Please restate the data that follows word for word, with the pictures left out.

RECORD EXTRACTS:
=== Begin Enclosure ===

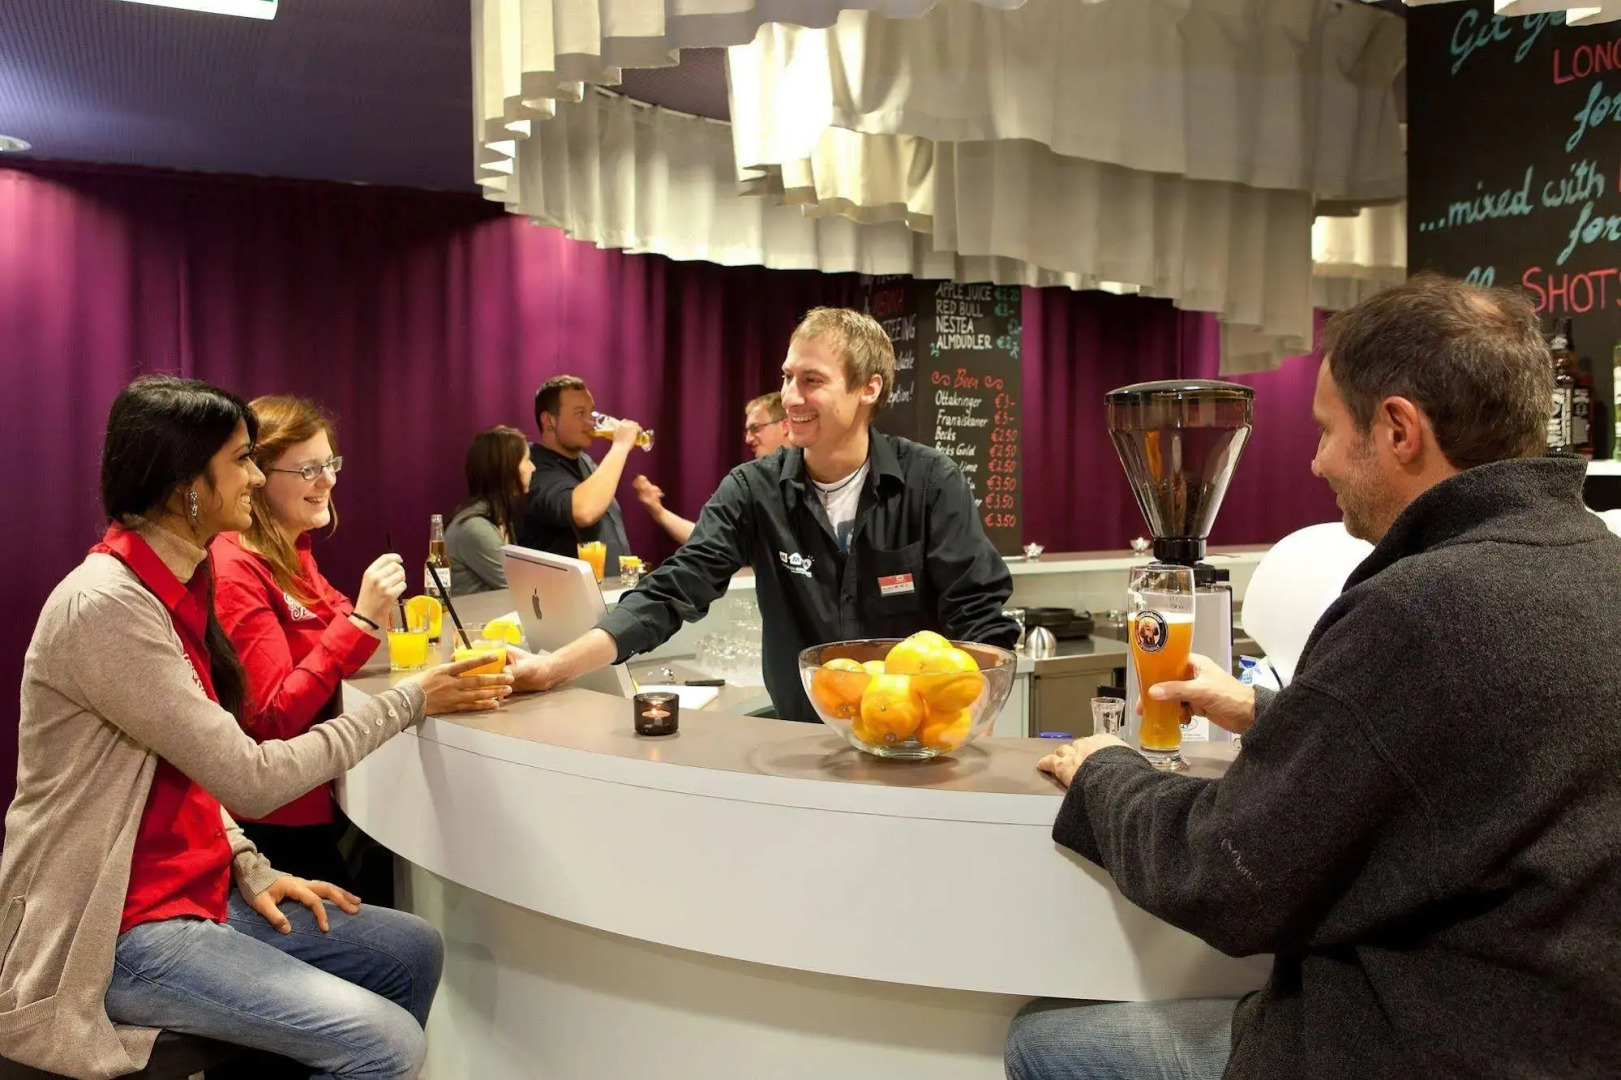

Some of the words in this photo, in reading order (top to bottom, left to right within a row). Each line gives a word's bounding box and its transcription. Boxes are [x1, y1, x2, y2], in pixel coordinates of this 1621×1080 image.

[1541, 158, 1605, 208] with
[1556, 200, 1621, 266] for
[935, 282, 964, 300] APPLE
[965, 285, 992, 301] JUICE
[935, 299, 957, 315] RED
[959, 301, 984, 317] BULL
[935, 316, 975, 334] NESTEA
[936, 334, 993, 350] ALMDUDLER
[935, 389, 982, 413] Ottakringer
[935, 426, 956, 441] Becks
[956, 443, 976, 456] Gold

=== End Enclosure ===

SOLUTION FOR THIS EXERCISE:
Some of the words in this photo, in reading order (top to bottom, left to right within a row). Each line gives a word's bounding box and its transcription. Boxes are [x1, y1, x2, y2], in pixel coordinates of this 1621×1080 image.

[1541, 158, 1605, 208] with
[1556, 200, 1621, 266] for
[935, 282, 964, 300] APPLE
[965, 285, 992, 301] JUICE
[935, 299, 957, 315] RED
[959, 301, 984, 317] BULL
[935, 316, 975, 334] NESTEA
[936, 334, 993, 350] ALMDUDLER
[935, 389, 982, 413] Ottakringer
[935, 426, 956, 441] Becks
[956, 443, 976, 456] Gold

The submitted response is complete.